Alternativa per la Germania pubblica un manifesto perché si favorisca un progetto di uscita negoziata della Grecia dall'Eurozona

La vendetta contro il buonsenso

Per loro la Grexit è l'unica via d'uscita. Non solo per Atene, ma soprattutto per la Germania. Preoccupato per la crescita dei sentimenti antitedeschi in Europa, il partito teutonico Alternativa per la Germania chiama a raccolta i partiti europei moderati perché favoriscano un progetto di uscita negoziata della Grecia dall'Eurozona, nel rispetto dei principi di sussidiarietà e di libera concorrenza che animano l'Unione. A tal proposito, AFD ha scritto un manifesto, redatto da Joachim Starbatty, professore emerito di economia dell'Università di Tubinga e parlamentare europeo, per spiegare le ragioni di tale posizione.

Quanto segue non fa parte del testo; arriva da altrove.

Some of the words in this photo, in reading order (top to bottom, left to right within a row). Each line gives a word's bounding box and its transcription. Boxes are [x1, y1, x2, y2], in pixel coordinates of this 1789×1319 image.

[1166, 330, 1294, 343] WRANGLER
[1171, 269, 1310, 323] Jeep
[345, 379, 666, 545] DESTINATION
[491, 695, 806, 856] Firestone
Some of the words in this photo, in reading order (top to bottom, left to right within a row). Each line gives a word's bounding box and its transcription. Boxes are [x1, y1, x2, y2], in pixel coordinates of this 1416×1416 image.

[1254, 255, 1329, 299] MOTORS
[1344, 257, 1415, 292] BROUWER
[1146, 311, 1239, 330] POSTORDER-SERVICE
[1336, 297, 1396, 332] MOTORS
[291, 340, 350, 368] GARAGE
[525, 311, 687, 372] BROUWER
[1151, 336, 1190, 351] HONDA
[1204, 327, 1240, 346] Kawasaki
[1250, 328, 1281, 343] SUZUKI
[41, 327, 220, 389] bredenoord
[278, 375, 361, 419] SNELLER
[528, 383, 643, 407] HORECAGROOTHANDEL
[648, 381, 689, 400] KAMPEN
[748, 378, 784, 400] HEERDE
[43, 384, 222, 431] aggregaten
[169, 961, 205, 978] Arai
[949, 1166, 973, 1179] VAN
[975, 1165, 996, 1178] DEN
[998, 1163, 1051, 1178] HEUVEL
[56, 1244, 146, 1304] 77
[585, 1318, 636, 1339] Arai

"Alternativa per la Germania nota con profonda preoccupazione che la politica di salvare l’euro a qualsiasi costo (sostenuta dal governo tedesco) ha condotto a una violenta reazione anti-tedesca in Grecia, rimarca che una valuta sopravvalutata ha privato l’economia greca di qualsiasi speranza di tornare competitiva, ha portato a disoccupazione di massa e ha prodotto una “generazione perduta", si legge nel Manifesto. Che poi continua: "La prosecuzione dell’unione monetaria nella sua forma attuale è contraria agli interessi della società greca e della sua economia, che richiede una forte svalutazione per tornare sulla strada della ripresa".

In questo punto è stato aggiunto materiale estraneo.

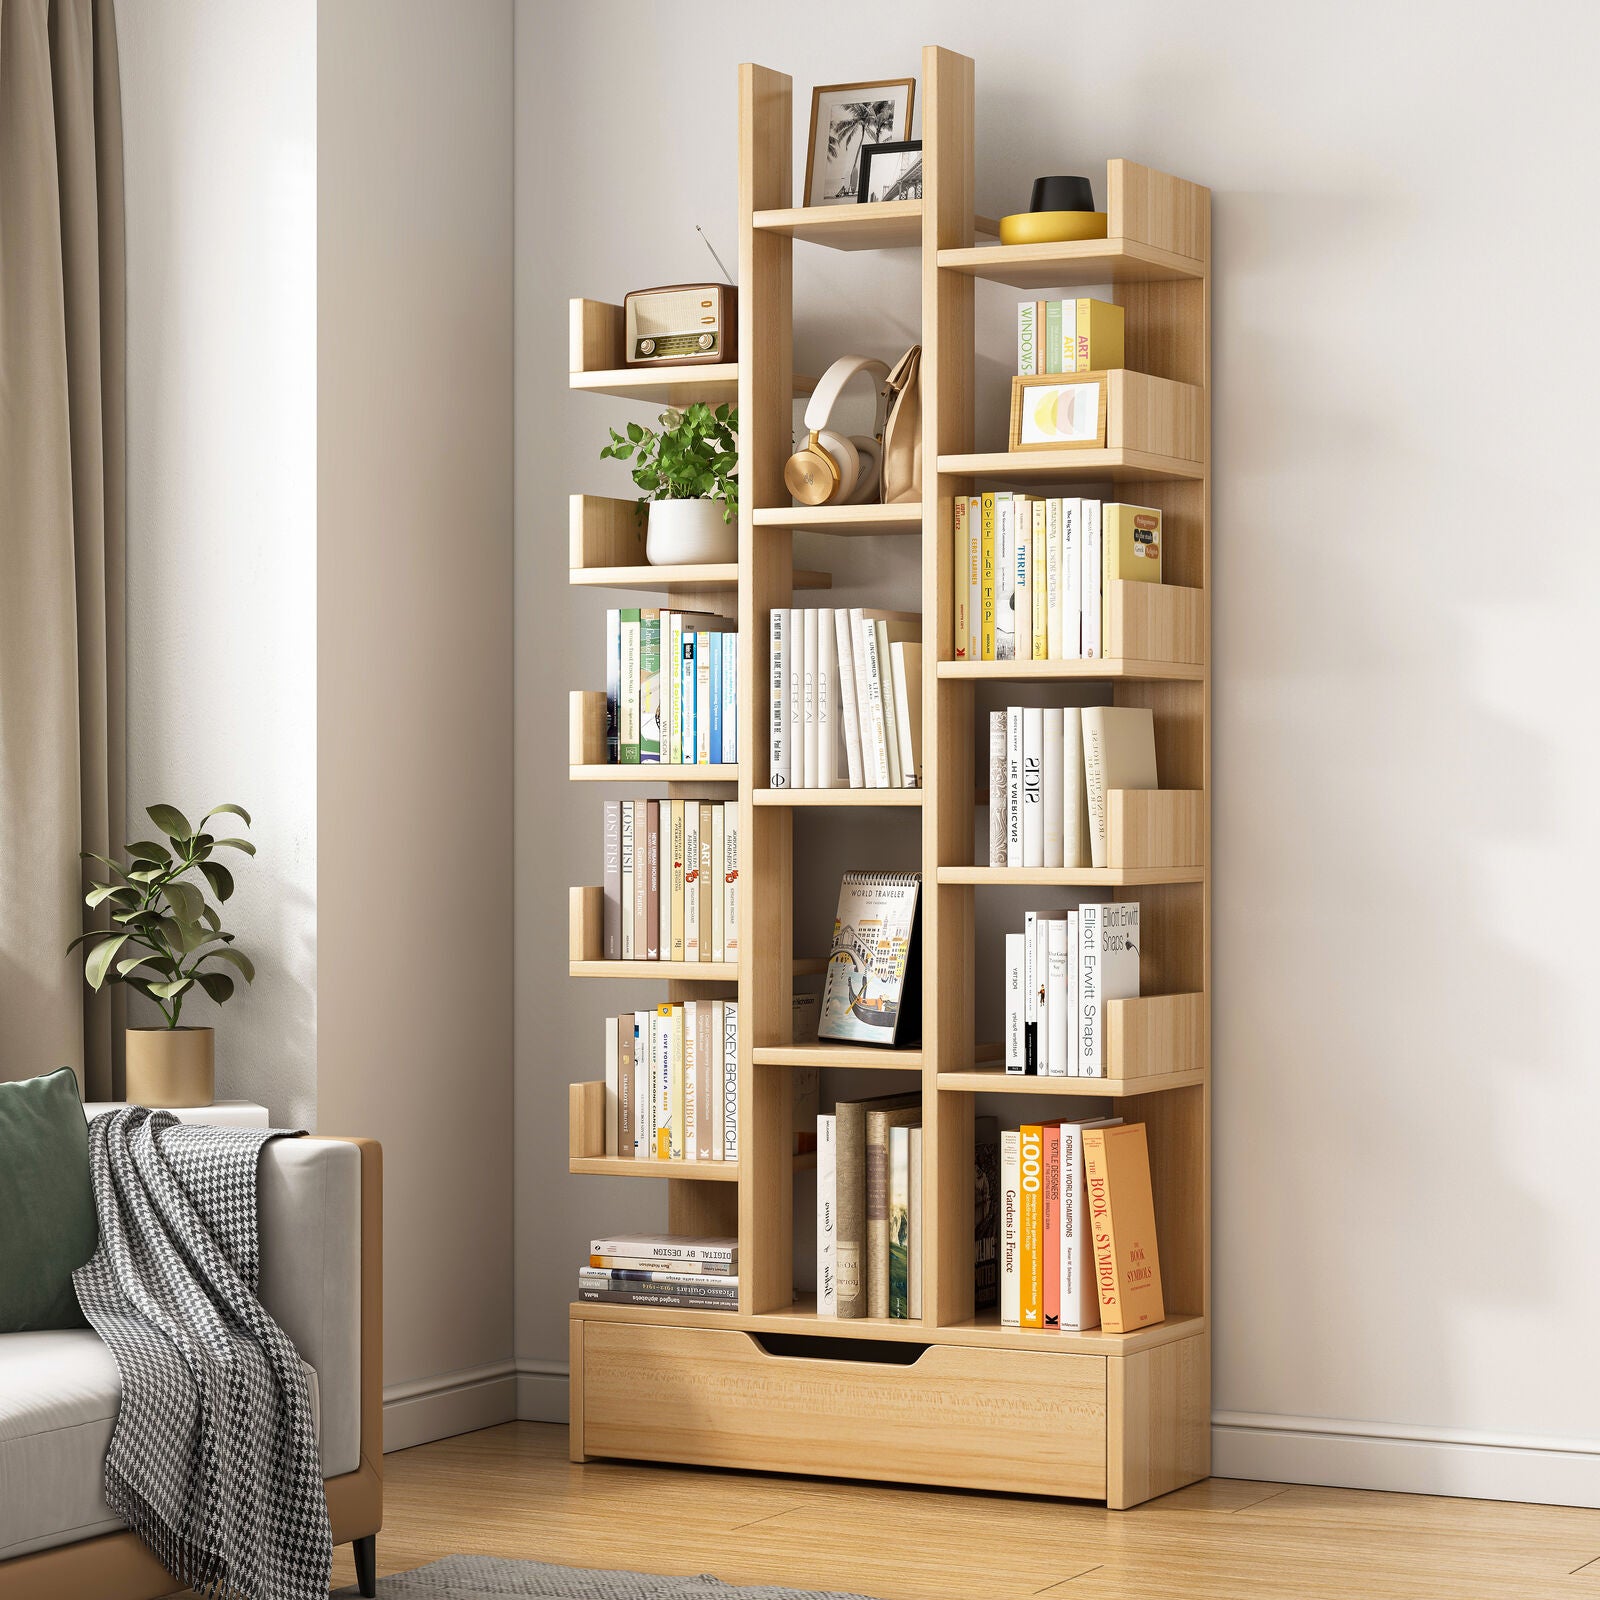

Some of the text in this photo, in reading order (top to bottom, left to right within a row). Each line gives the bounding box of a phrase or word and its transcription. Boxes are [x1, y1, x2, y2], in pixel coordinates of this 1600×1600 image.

[1022, 307, 1032, 370] WINDOWS
[1064, 336, 1074, 360] ART
[1079, 336, 1088, 359] ART
[984, 499, 992, 538] Over
[1017, 545, 1025, 587] THRIFT
[984, 587, 992, 621] Top
[869, 642, 877, 678] UNCOMMON
[607, 805, 617, 873] LOST FISH
[623, 806, 632, 874] LOST FISH
[701, 842, 710, 867] ART
[637, 847, 645, 879] Gardens
[851, 889, 905, 898] WORLD TRAVELER
[1102, 907, 1120, 927] Elliott
[1103, 931, 1124, 956] Snaps
[1082, 908, 1096, 1057] Elliott Erwitt Snaps
[685, 1039, 694, 1138] BOOK SYMBOLS
[726, 1006, 736, 1150] ALEXEY BRODOVITCH
[1022, 1132, 1040, 1192] 1000
[1090, 1178, 1107, 1219] BOOK
[1006, 1190, 1015, 1273] Gardens in France
[1065, 1199, 1073, 1238] CHAMPIONS
[1095, 1222, 1102, 1231] OF
[653, 1248, 682, 1257] DESIGN
[700, 1250, 732, 1260] DIGITAL
[1095, 1234, 1116, 1305] SYMBOLS
[1130, 1248, 1145, 1263] BOOK
[659, 1296, 680, 1304] tangled
[676, 1286, 706, 1296] Guitars
[707, 1288, 735, 1297] Picasso

Inoltre Alternativa per la Germania "condanna la situazione attuale, nella quale i contribuenti europei sono obbligati a sostenere un’unione monetaria fallita, prolungando le sofferenze della società greca. Una simile politica non ha alcuna giustificazione economica o morale, non ci si può attendere che la Germania riduca la propria competitività per risolvere la crisi dell’Eurozona, e d’altra parte che una “svalutazione interna” non potrà migliorare la competitività della Grecia".

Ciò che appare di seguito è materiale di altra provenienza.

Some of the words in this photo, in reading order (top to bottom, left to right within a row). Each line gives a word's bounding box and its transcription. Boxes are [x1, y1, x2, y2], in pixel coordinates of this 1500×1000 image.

Insomma, per il partito euroscettico, "quanto più lunga sarà la sua esistenza, tanto maggiori le perdite per i contribuenti europei e per il popolo greco, le cui vite sono state rovinate dalle politiche di austerità e qualsiasi ristrutturazione del debito greco dovrebbe essere accompagnata a una proposta di uscita concordata della Grecia dell’euro".

Il partito ha fatto la sua comparsa sulla scena politica tedesca nel 2013 al grido: "La Germania non ha bisogno dell'euro" e "Ogni popolo deve poter decidere liberamente la propria valuta". Il fondatore è Bernd Lucke, docente di macroeconomia all'Università di Amburgo.